The most dangerous type of human pathogenic plasmodium is Plasmodium falciparum whilst, by comparison, only rodents, for example mice, can become infected with Plasmodium berghei.
Together with his assistants Michael Leven und Tanja Knaab and a number of German and international colleagues, Professor Thomas Kurz from HHU’s Institute of Pharmaceutical and Medicinal Chemistry has developed a new class of compound, the hydrazonamides, and successfully demonstrated its effectiveness in animal experiments. The trials were conducted in Basel within the research group led by Dr. Sergio Wittlin using mice infected with Plasmodium berghei.

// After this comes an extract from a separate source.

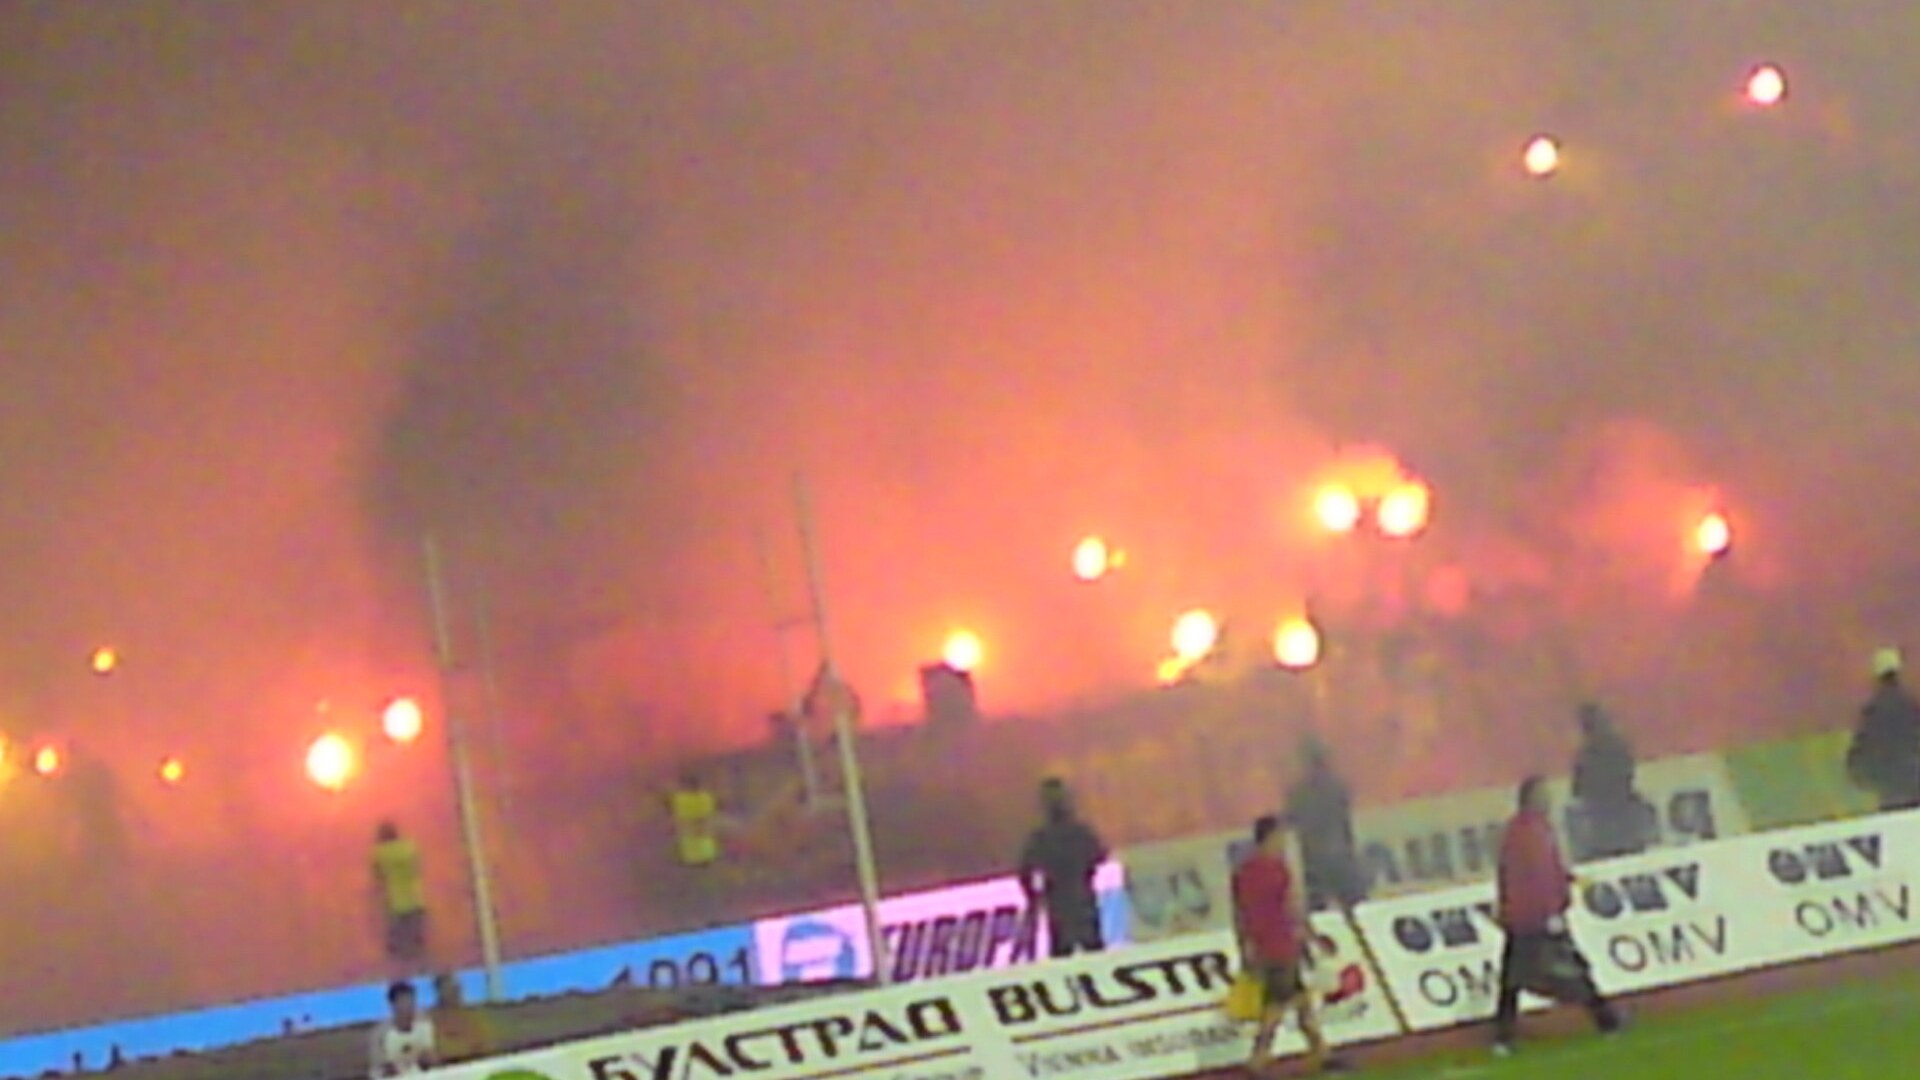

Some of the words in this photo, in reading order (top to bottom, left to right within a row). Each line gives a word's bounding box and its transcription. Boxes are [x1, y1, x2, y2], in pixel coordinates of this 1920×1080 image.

“The prototype of this new compound class was discovered together with Professor Detlef Geffken at the Institute of Pharmacy in Hamburg in 2007 during my Habilitation,” recalls Professor Kurz. The lead compound from the hydrazonamide class has a similar structure to quinine, the oldest known anti-malarial agent. How the substance works and where exactly in the parasite it acts is still the subject of further research. Professor Kurz brought the new lead compound with him to Düsseldorf and has since been working on its further development in his research group. The long period between its discovery and the successful results of the efficacy test now published shows just how time-consuming modern interdisciplinary research into new drugs is. Further preclinical studies are required before the substance can finally be tested on humans. “One of the next steps would be to use the test substance on mice infected with the human pathogenic parasite Plasmodium falciparum,” says Tanja Knaab. However, for that a special mouse model would be needed which is extremely costly.

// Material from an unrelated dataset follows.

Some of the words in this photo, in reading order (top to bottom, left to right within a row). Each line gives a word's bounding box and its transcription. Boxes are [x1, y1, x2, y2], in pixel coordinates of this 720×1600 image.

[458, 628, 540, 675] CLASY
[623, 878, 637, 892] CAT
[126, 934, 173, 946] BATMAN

The multi-stage process prescribed by law from drug candidate to actual medicinal product intended for human use is always very expensive and complex. A single university institute alone cannot afford it. Development times of over ten years and costs amounting to over a billion euros have to be expected.
However, the development of a new anti-malarial drug is of no great financial interest for pharmaceutical companies because malaria principally occurs in economically weak regions. “Medicines for Malaria Venture” is a non-profit organisation that is conducting important research and development work in the area of anti-malarial drugs. In recent years, this organisation’s work has led to the development of various artemisinin-based combination therapies, amongst others. These therapies currently demonstrate the greatest effect on resistant strains as well.
M. Leven, T. Knaab, J. Held, S. Duffy, S. Meister, C. Fischli, D. Meitzner, U. Lehmann, B. Lungerich, K. Kuna, P. Stahlke, M. Delves, M.Buchholz, E. Winzeler, V. Avery, B. Mordmüller, S. Wittlin, & T. Kurz, 3-Hydroxy-N‘-arylidenepropanehydrazonamides with halo-substituted phenanthrene scaffolds cure P. berghei-infected mice when administered perorally, J. Med. Chem., 2017, 60 (14), 6036–6044.